The grant recipients were announced as part of the 22 September White House press conference in which federal officials said they would update acetaminophen’s label to discourage its use by pregnant people and make leucovorin available as a treatment for autism. (Read The Transmitter’s related coverage of Richard Frye, a neurologist who researches leucovorin for autism.)
The list includes investigations into how environmental factors interact with the genome to contribute to autism and what predicts positive life outcomes in autistic people, along with two efforts to validate the models and replicate the findings of the other teams.
“I was really pleasantly surprised,” says Catherine Lord, George Tarjan Distinguished Professor of Psychiatry and Education at the University of California, Los Angeles. “Lots of strong researchers were selected.”
Despite the optimism, Lord and others say they are worried that the U.S. Department of Health and Human Services (HHS) might prevent the funded scientists from publishing certain findings or use the work to assert a narrative about autism that is not supported by data. They say their concerns stem from the program’s atypical funding mechanism and review process and from previous actions and comments by HHS Secretary Robert F. Kennedy Jr.
“This administration has done things that we just couldn’t believe anyone would do. And so that does make me nervous,” Lord says. In particular, she says she worries that the HHS will pick out a single factor correlated with receiving an autism diagnosis and do a “media blast about it” to scare people—like what has happened with acetaminophen. “You can do almost anything with data. If you don’t control for other factors, you can find anything you want.
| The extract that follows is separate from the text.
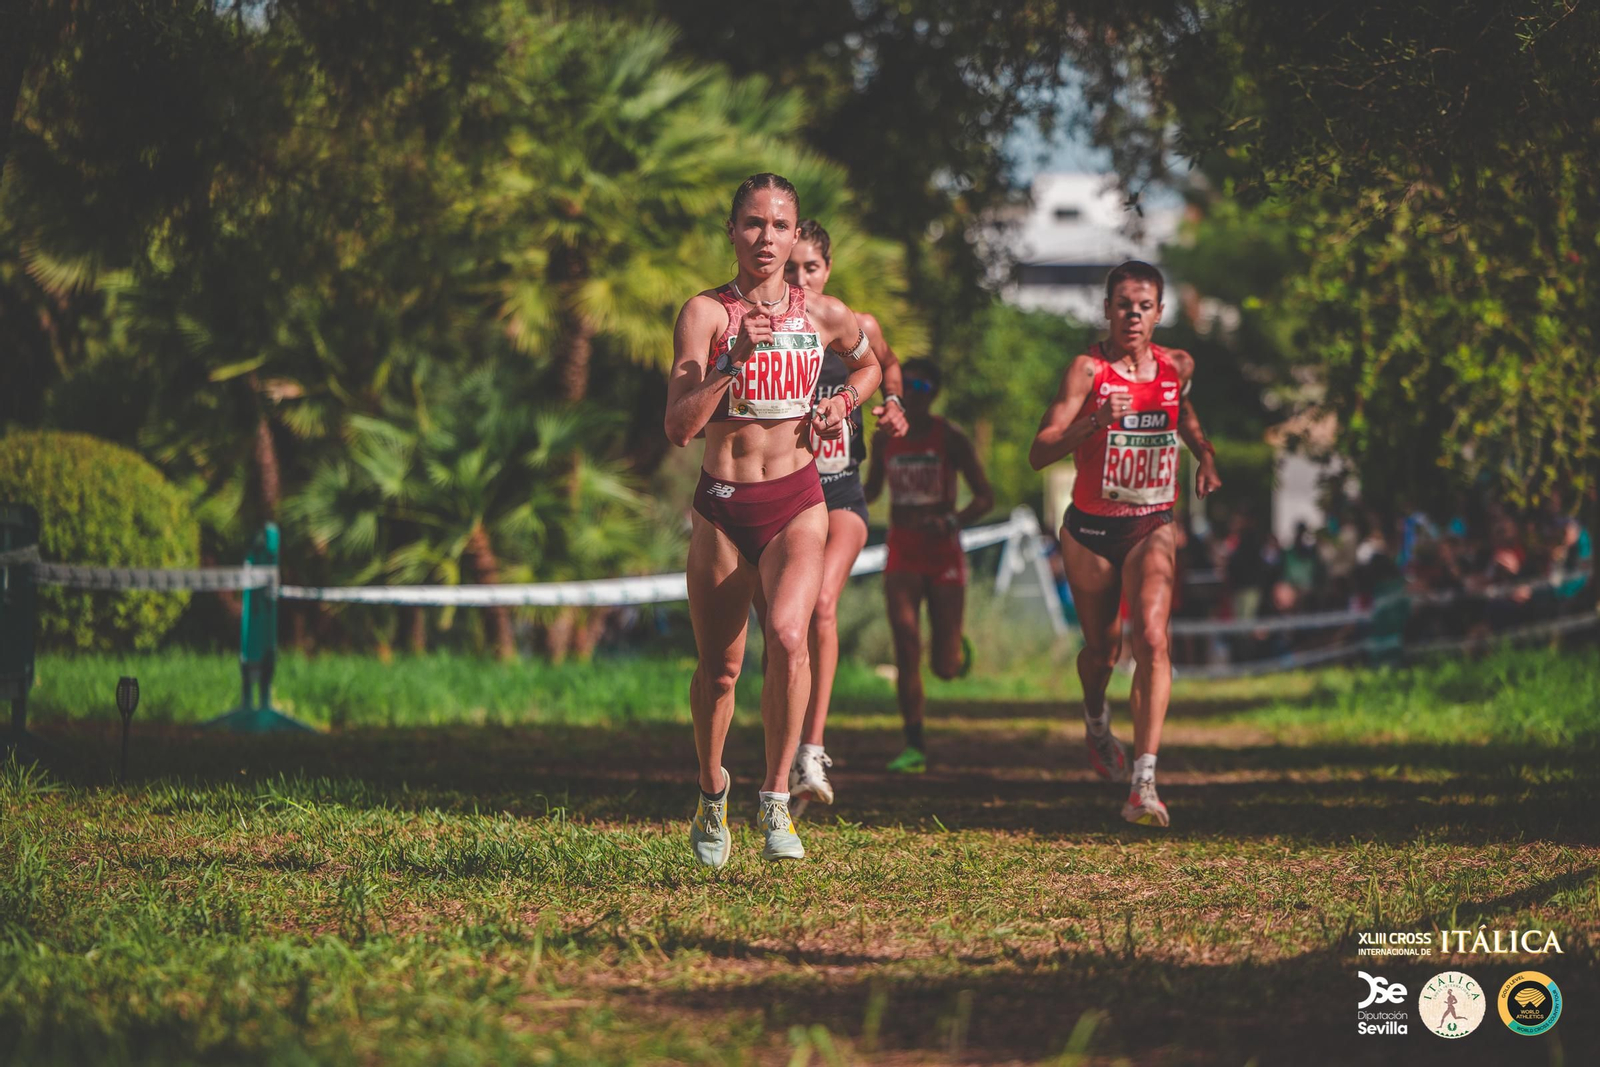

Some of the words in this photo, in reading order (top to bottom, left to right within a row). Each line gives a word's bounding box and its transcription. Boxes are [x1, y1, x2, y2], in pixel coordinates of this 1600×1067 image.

[732, 349, 820, 400] SERRANO
[1140, 414, 1166, 428] BM
[1106, 447, 1175, 489] ROBLES
And so it’s not at all that I mistrust the PIs,” Lord says, but rather that other parties could make “weird interpretations.”
Even though “we don’t know what other political forces were at play,” says Helen Tager-Flusberg, director of the Center for Autism Research Excellence at Boston University and leader of the Coalition of Autism Scientists, “I would say, let’s allow this group of scientists who are receiving these awards to go ahead and carry out what looks like very exciting work and not let the process by which they got selected taint the quality of the science that they’re proposing.”
The Coalition of Autism Scientists has called for the ADSI to add an external advisory board to analyze methodologies as the projects proceed, which will “only increase trust in everything that is undertaken under this program,” Tager-Flusberg says.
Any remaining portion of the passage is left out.